- Original author: Maxime Beauchemin / Airbnb
- Stable release: 6.1.0 / 13 May 2026; 2 days ago
- Written in: Python, TypeScript
- Operating system: Cross-platform
- Type: data visualization, business intelligence
- License: Apache License 2.0
- Website: superset.apache.org
- Repository: Superset Repository on Github

= Apache Superset =

Open-source data visualisation software

Apache Superset is an open-source software application for data exploration and data visualization able to handle data at petabyte scale (big data). The application started as a hack-a-thon project by Maxime Beauchemin (creator of Apache Airflow) while working at Airbnb and entered the Apache Incubator program in 2017. In addition to Airbnb, the project has seen significant contributions from other leading technology companies, including Lyft and Dropbox.
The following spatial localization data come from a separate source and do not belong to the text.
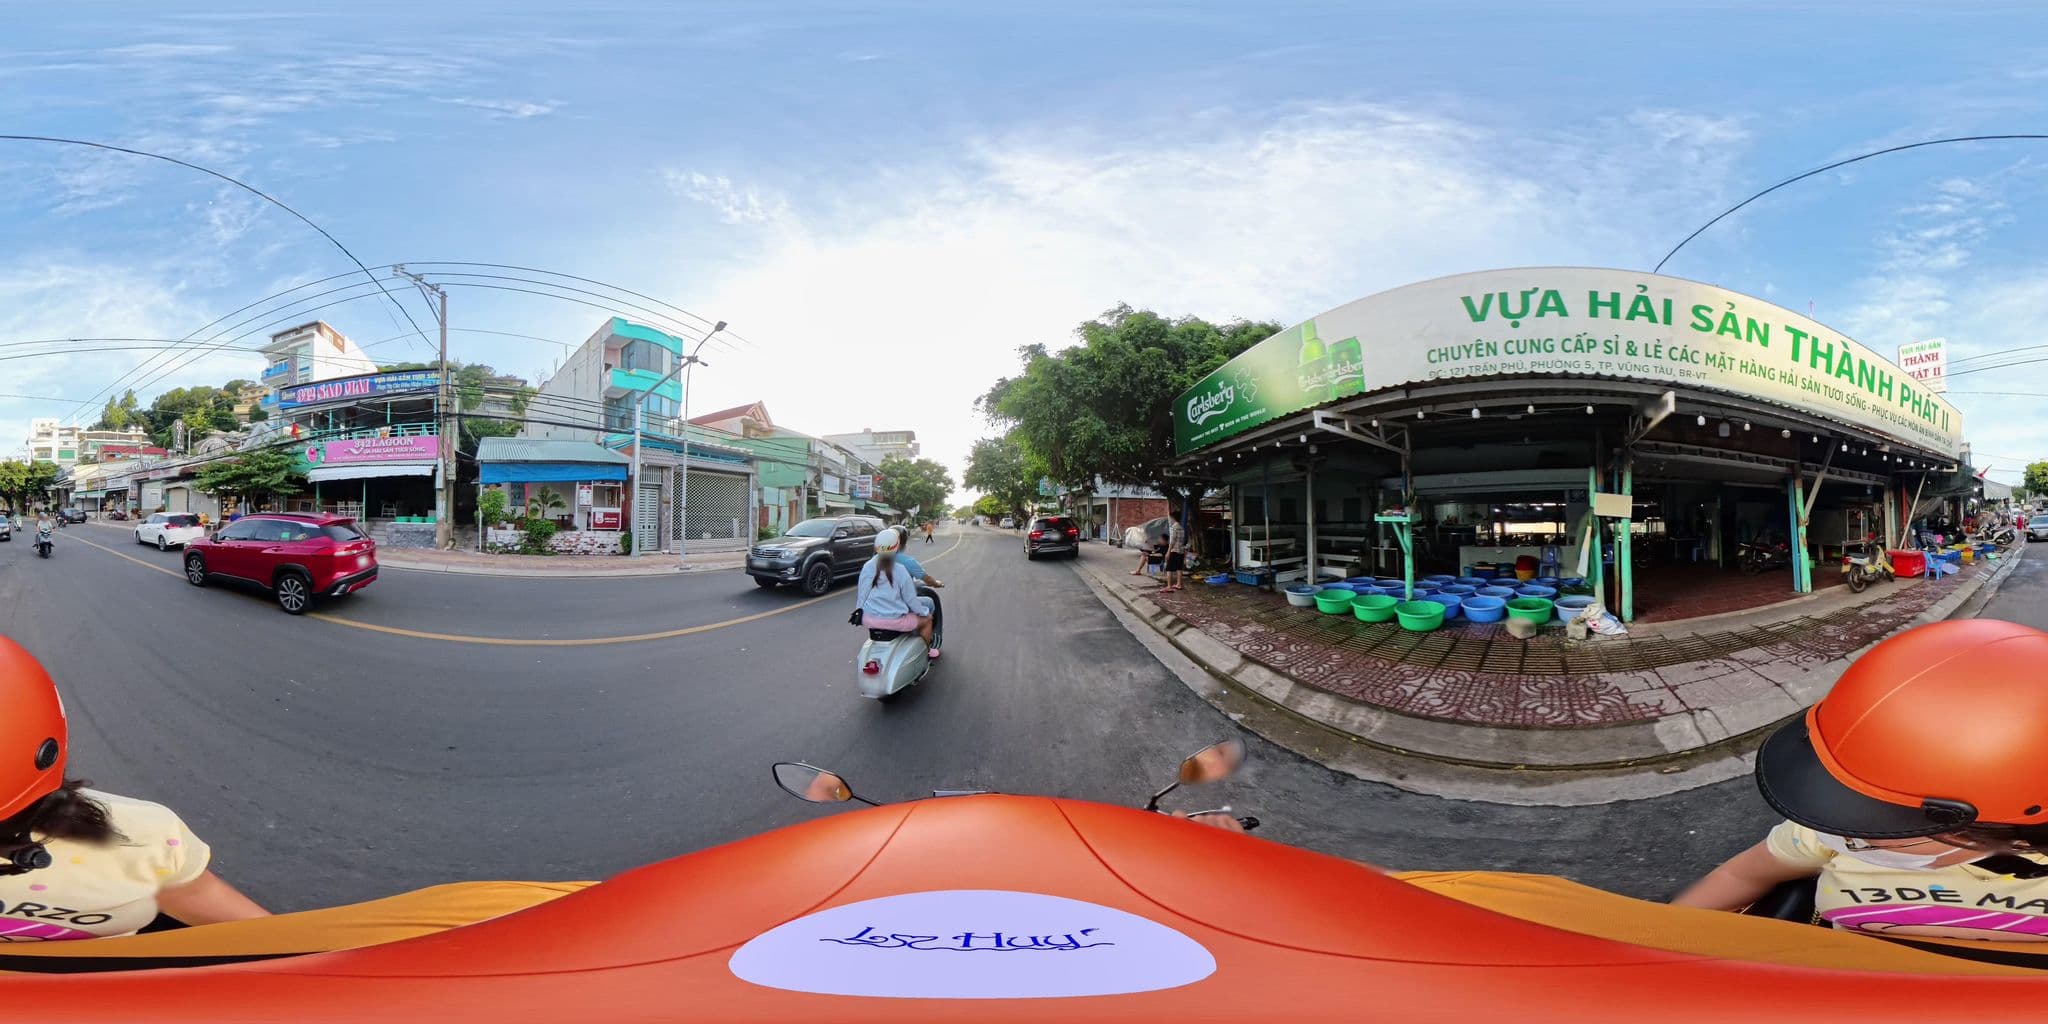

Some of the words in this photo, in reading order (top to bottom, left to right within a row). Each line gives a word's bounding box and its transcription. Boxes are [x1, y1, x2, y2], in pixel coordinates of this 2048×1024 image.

[1427, 339, 1498, 364] CHUYÊN
[1504, 338, 1555, 355] CUNG
[1561, 332, 1597, 353] CẤP
[1603, 334, 1619, 355] SỈ
[1625, 340, 1638, 357] &
[1644, 339, 1662, 359] LẺ
[1668, 344, 1700, 364] CÁC
[1705, 351, 1736, 374] MẶT
[1740, 358, 1776, 381] HÀNG
[1779, 368, 1798, 387] HẢI
[1801, 375, 1821, 394] SẢN
[1823, 384, 1843, 402] TƯƠI
[1845, 392, 1867, 411] SỐNG
[1450, 367, 1465, 376] 121
[1585, 361, 1595, 370] 5,
[1599, 361, 1614, 370] TP.
[1680, 369, 1708, 379] BR-VT
[1460, 287, 1569, 328] VỰA
[1588, 284, 1673, 326] HẢI
[1690, 302, 1770, 347] SẢN
[1785, 325, 1893, 402] THÀNH
[1900, 382, 1939, 425] PHÁT
[1187, 385, 1234, 425] Carlsberg
[0, 900, 112, 926] RZO
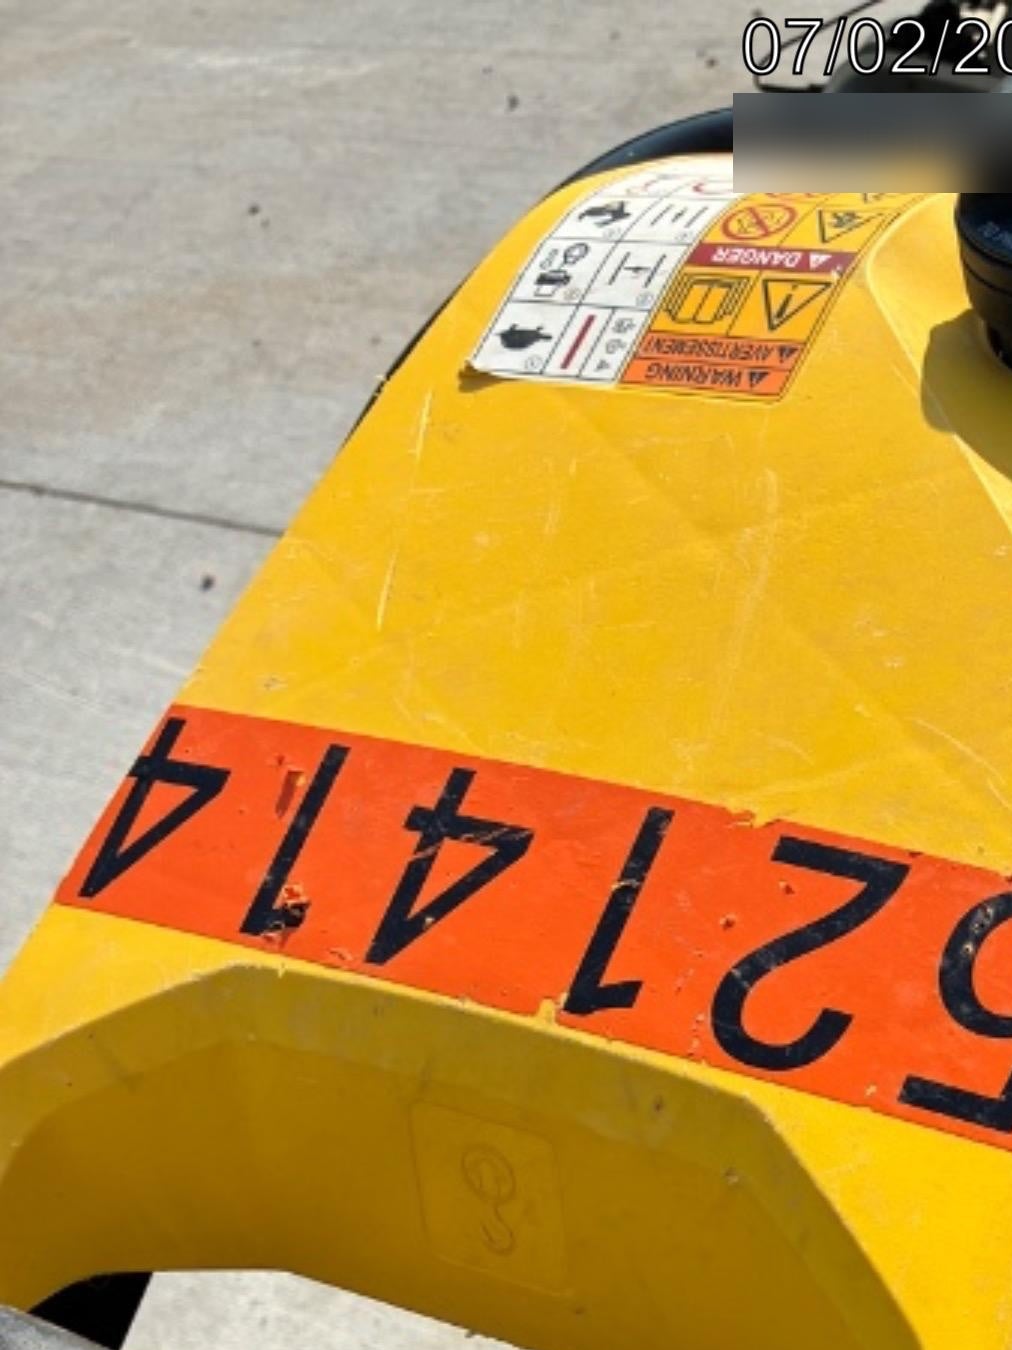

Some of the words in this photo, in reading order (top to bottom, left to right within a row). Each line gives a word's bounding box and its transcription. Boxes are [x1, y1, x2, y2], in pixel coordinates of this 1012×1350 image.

[711, 246, 803, 268] DANGER
[649, 334, 773, 360] AVERTISSEMENT
[644, 362, 742, 387] WARNING
Superset graduated from the incubator program and became a top-level project at the Apache Software Foundation in 2021.

== Features ==
- Dashboard creation
- Enterprise authentication (OpenID, LDAP, OAuth, ...)
- Integration with Apache ECharts
- Lightweight semantic layer
- Visualization plugin support
- Compatible with most SQL-speaking datasources

== Managed providers ==
Maxime Beauchemin's company, Preset, offers Superset as a managed service (SaaS).